Defence sources said the Pakistani civilian helicopter violated Indian airspace for two-three minutes, which led to
Indian Army troops on the ground opening fire as well as two IAF fighters being scrambled, in the
Gulpur sector at 12.10 pm. The helicopter, painted white with blue stripes, then flew back to the
Kahuta area in PoK.
“The chopper was flying quite high when it was spotted by our air sentries deployed at forward posts, who opened fire with small arms (light machine guns), and it turned back almost immediately. There were some reports from
Pakistan that said the PoK PM was travelling in the chopper but we cannot confirm it,” a source said.
Sources said while no heavy calibre anti-aircraft weapons were used by Indian forces, two fighters were scrambled in a precautionary move. The airspace violation comes amid renewed firing duels between the two armies along the 778-km long LoC after three months of relative calm following the DGMOs from the two sides agreeing to “fully implement the 2003 ceasefire understanding in letter and spirit” on May 29.

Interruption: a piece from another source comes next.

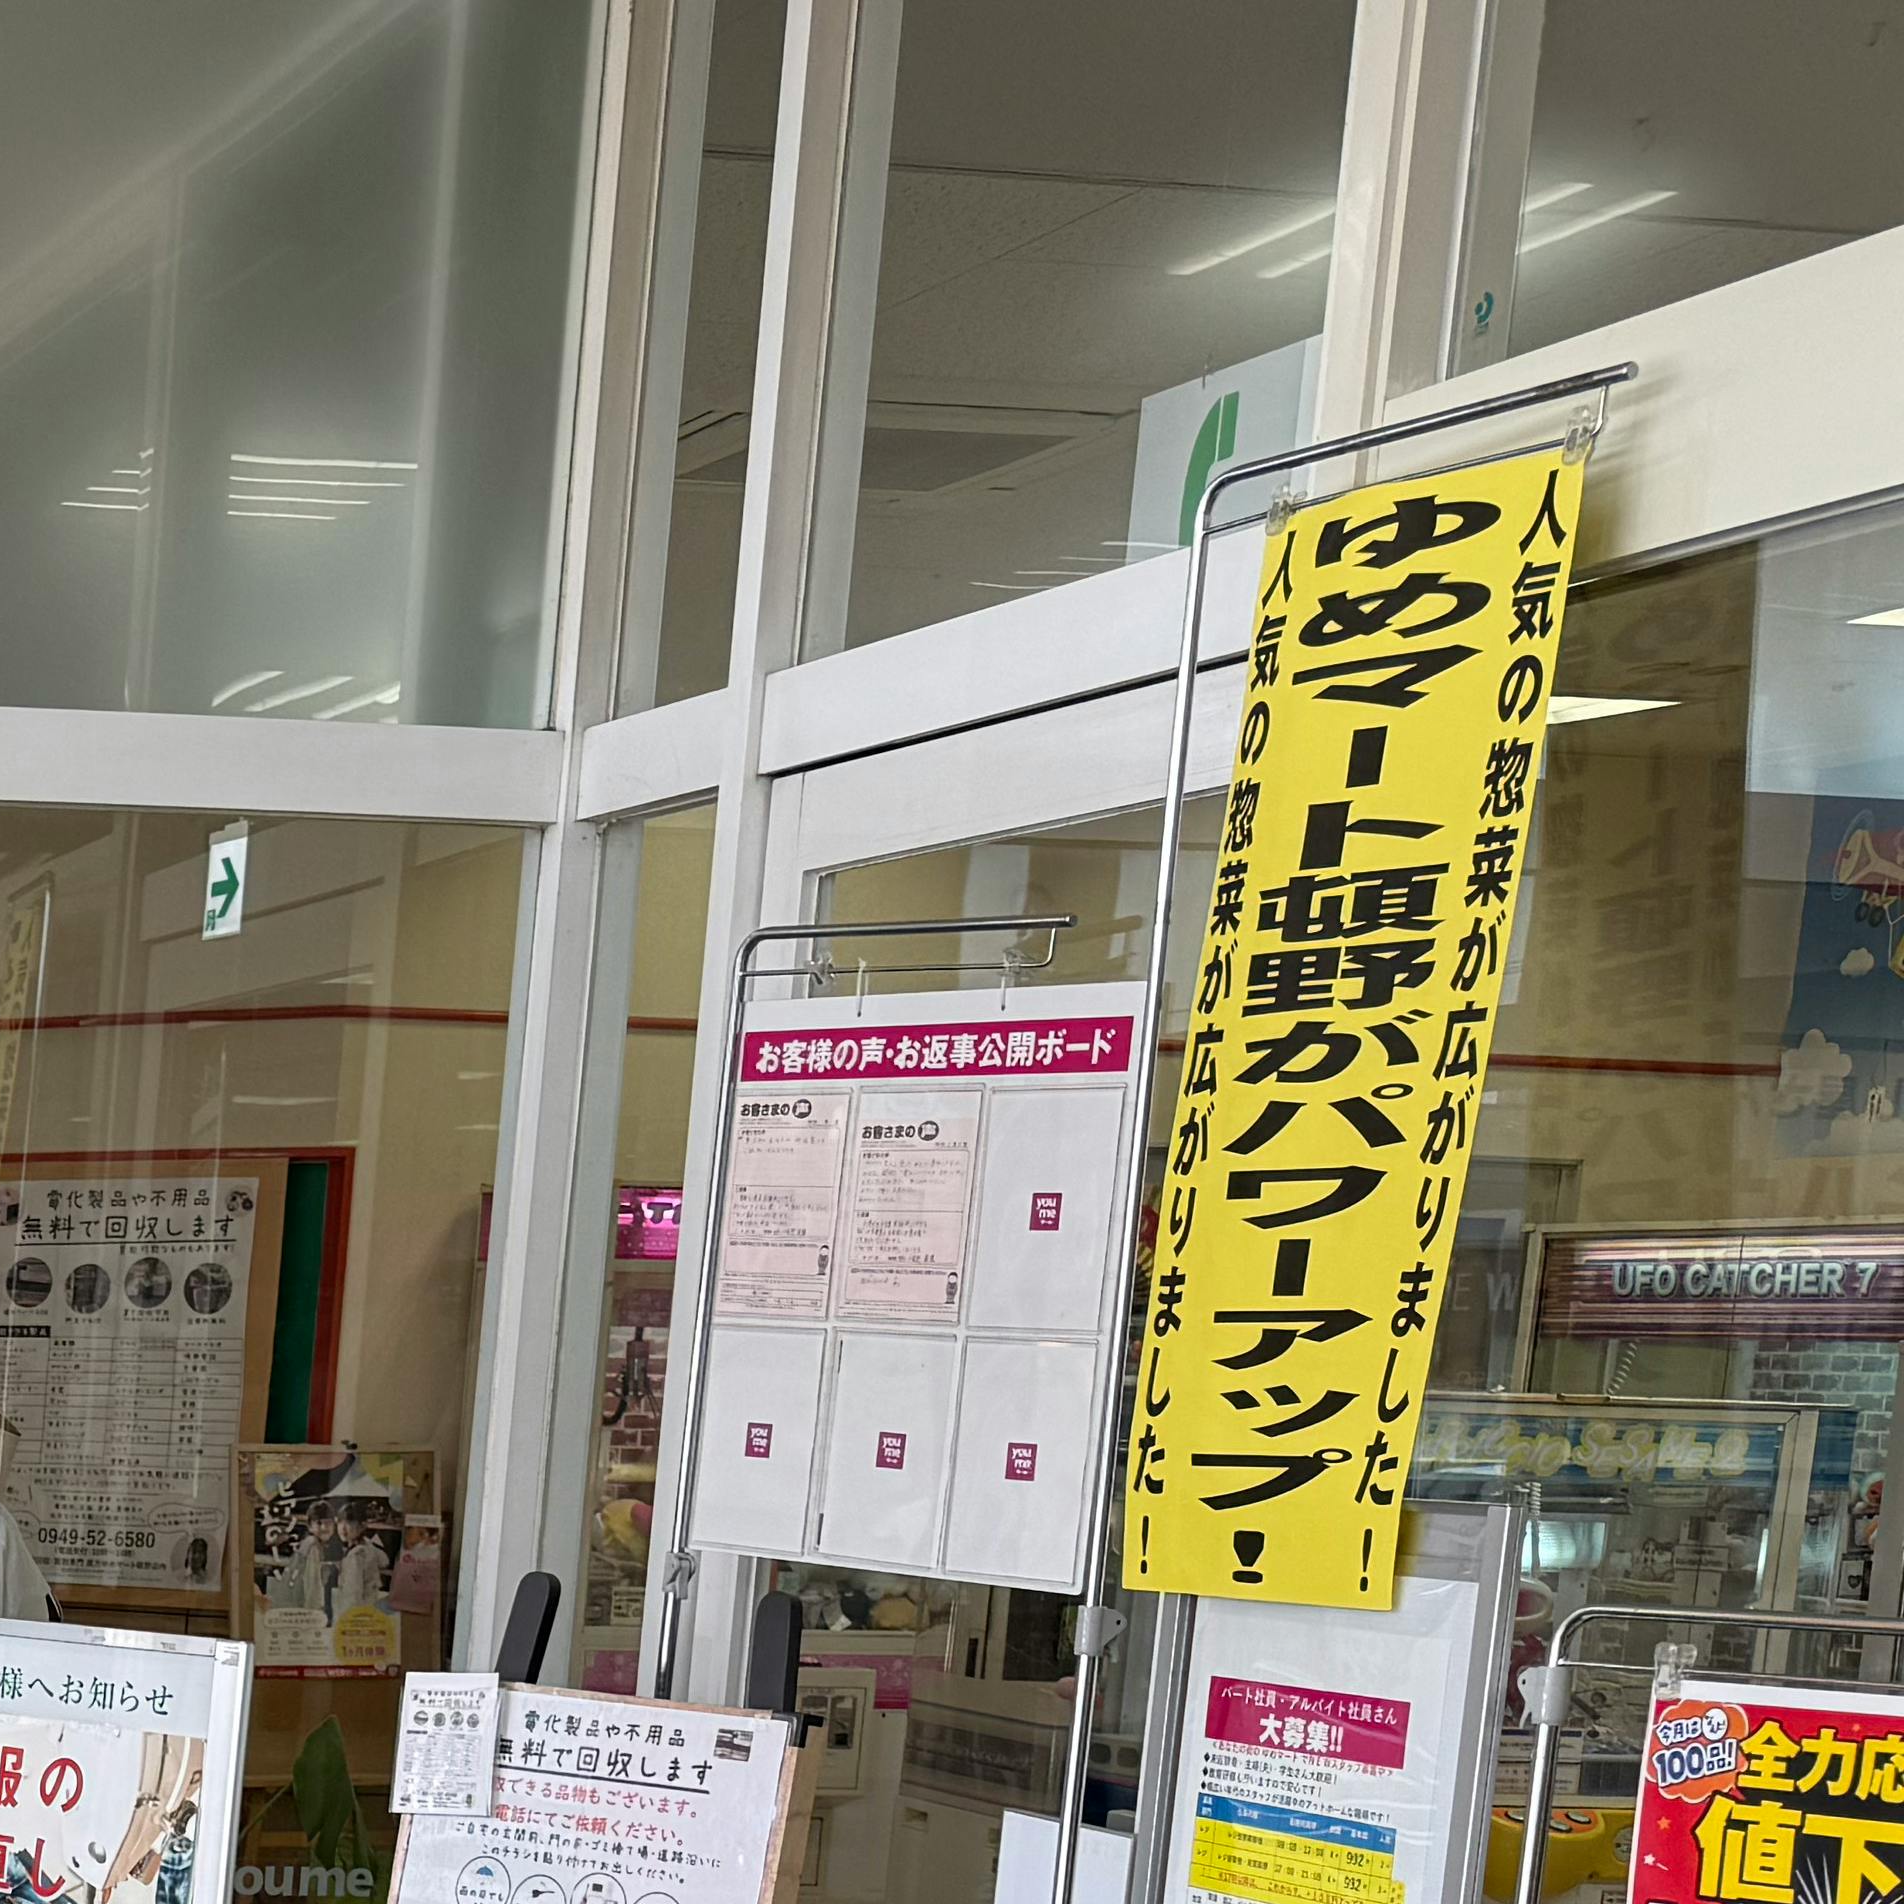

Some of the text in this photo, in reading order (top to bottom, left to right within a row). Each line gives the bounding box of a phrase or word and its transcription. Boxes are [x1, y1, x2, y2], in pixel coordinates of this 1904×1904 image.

In just the first five months of this year, ceasefire violations broke all annual records in the last 15 years, with the two armies regularly using light artillery guns, anti-tank guided missiles and heavy mortars to target each other and civilians being often caught in the middle, as was reported by TOI.
In February, a Pakistani military Mi-17 helicopter had flown dangerously close to the LoC in the same Gulpur sector, breaching the bilateral agreement inked in 1991 that ‘rotary-wing aircraft’ will not fly within 1 km and ‘fixed-wing aircraft’ (fighters, bombers and reconnaissance planes) within 10 km of each other’s airspace.

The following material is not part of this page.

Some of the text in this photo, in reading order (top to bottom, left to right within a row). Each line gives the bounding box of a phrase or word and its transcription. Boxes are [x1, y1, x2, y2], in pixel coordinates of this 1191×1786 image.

The 1991 pact ensures there is a buffer zone on both sides of the LoC to prevent accidental escalation of hostilities. Though aircraft and helicopters do sometimes inadvertently stray across the unresolved LoC, it is also quite common for both the air forces to fly close to each other’s territory to ‘probe’ the rival’s air defence measures as well as the ‘reaction time’ needed for them to kick in. The two sides also regularly fly surveillance drones along the LoC, some of which end up being shot down.